Many Wisconsin employees are exposed to toxins at work. When workers are expected to perform jobs around hazardous chemicals, their employers should provide them with information about the toxins. Information about toxins and safe handling procedures is usually found in a ‘Material Safety Data Sheet.” An MSDS will tell workers about the health effects of a particular toxin, what protective equipment to use while working around it and how to safely dispose of it.
Though employers are legally required to let their employees know about workplace toxins and provide information about them, some employers may not have MSDS’s readily available.
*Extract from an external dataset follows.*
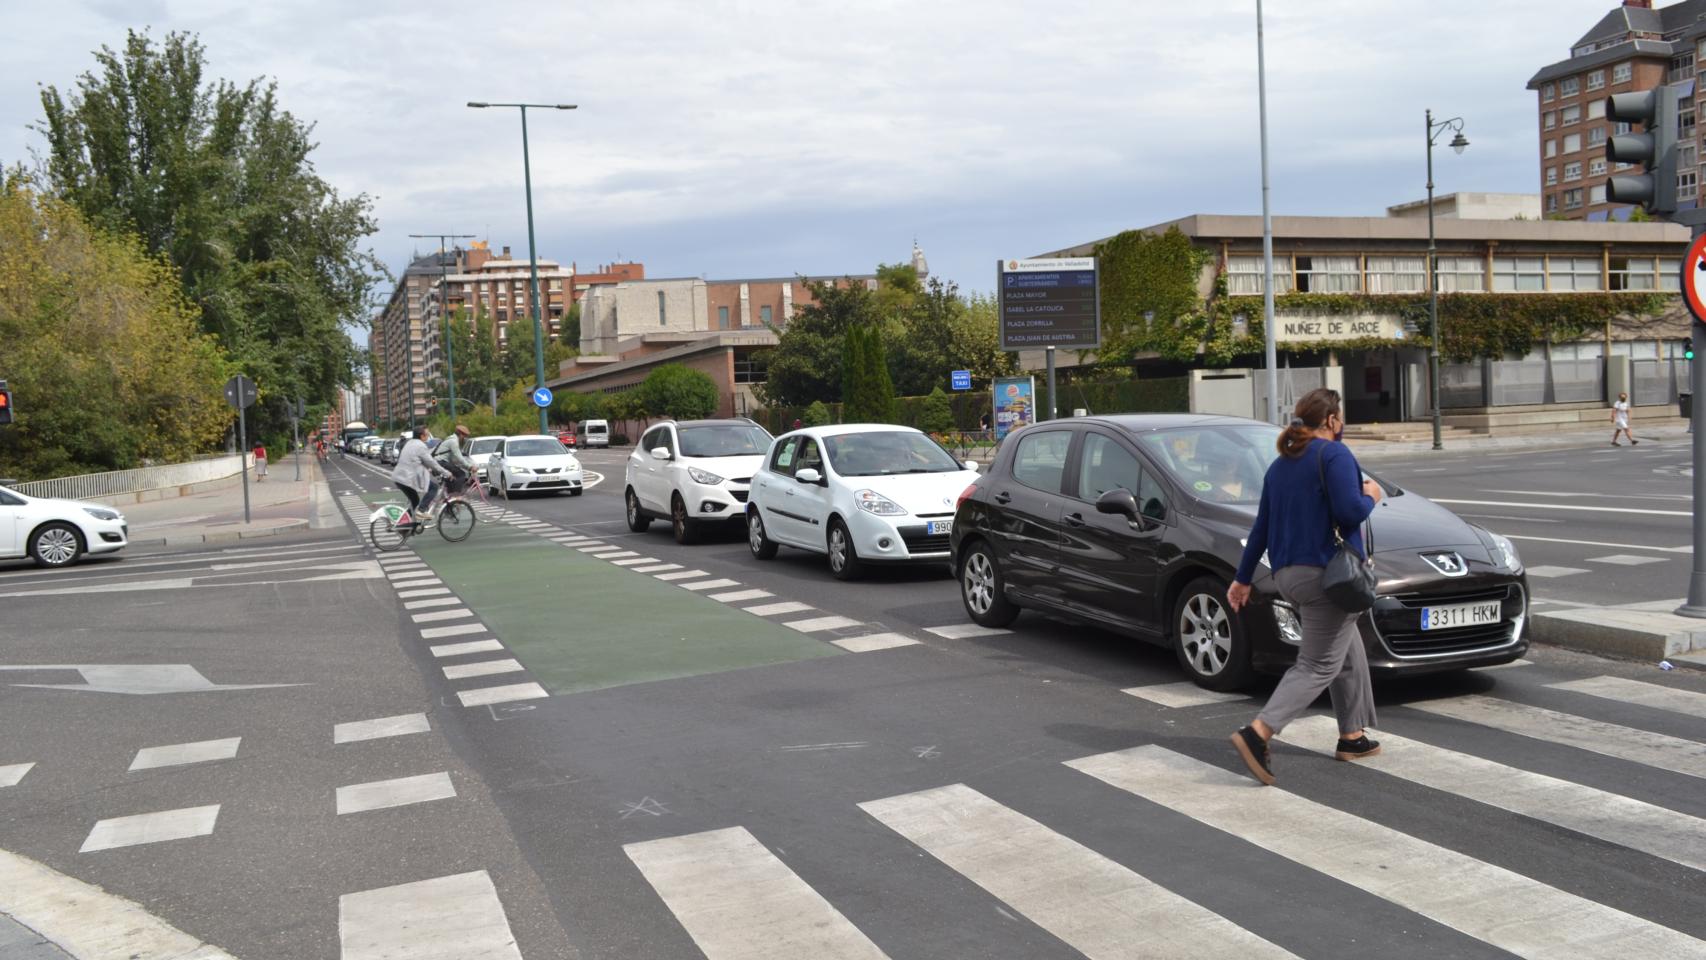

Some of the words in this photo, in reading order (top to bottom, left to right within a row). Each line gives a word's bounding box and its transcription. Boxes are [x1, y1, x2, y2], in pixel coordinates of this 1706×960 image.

Information about a particular toxin can also be found on the warning labels that are attached to packaging. Workers may also search websites for information about the toxin that they are working with.
Employers should do everything they can do to limit their employees’ exposure to toxins. If possible, employers should alter processes so that they are performed with less hazardous materials. Worker safety may also be improved if hazardous toxins are isolated from workers with some type of barrier. Proper ventilation procedures can be used to dilute the concentration of airborne toxins in a work environment.
Some workers become ill after repeated exposure to small amounts of toxins at work over a long period of time. Injuries from toxins can also be caused by a brief exposure to very hazardous chemicals. An occupational disease that is caused by toxic exposure should be covered by the employer’s workers’ compensation insurance. However, since the disease may take some time before it manifests itself, victims may want to have legal assistance when pursuing their rightful benefits.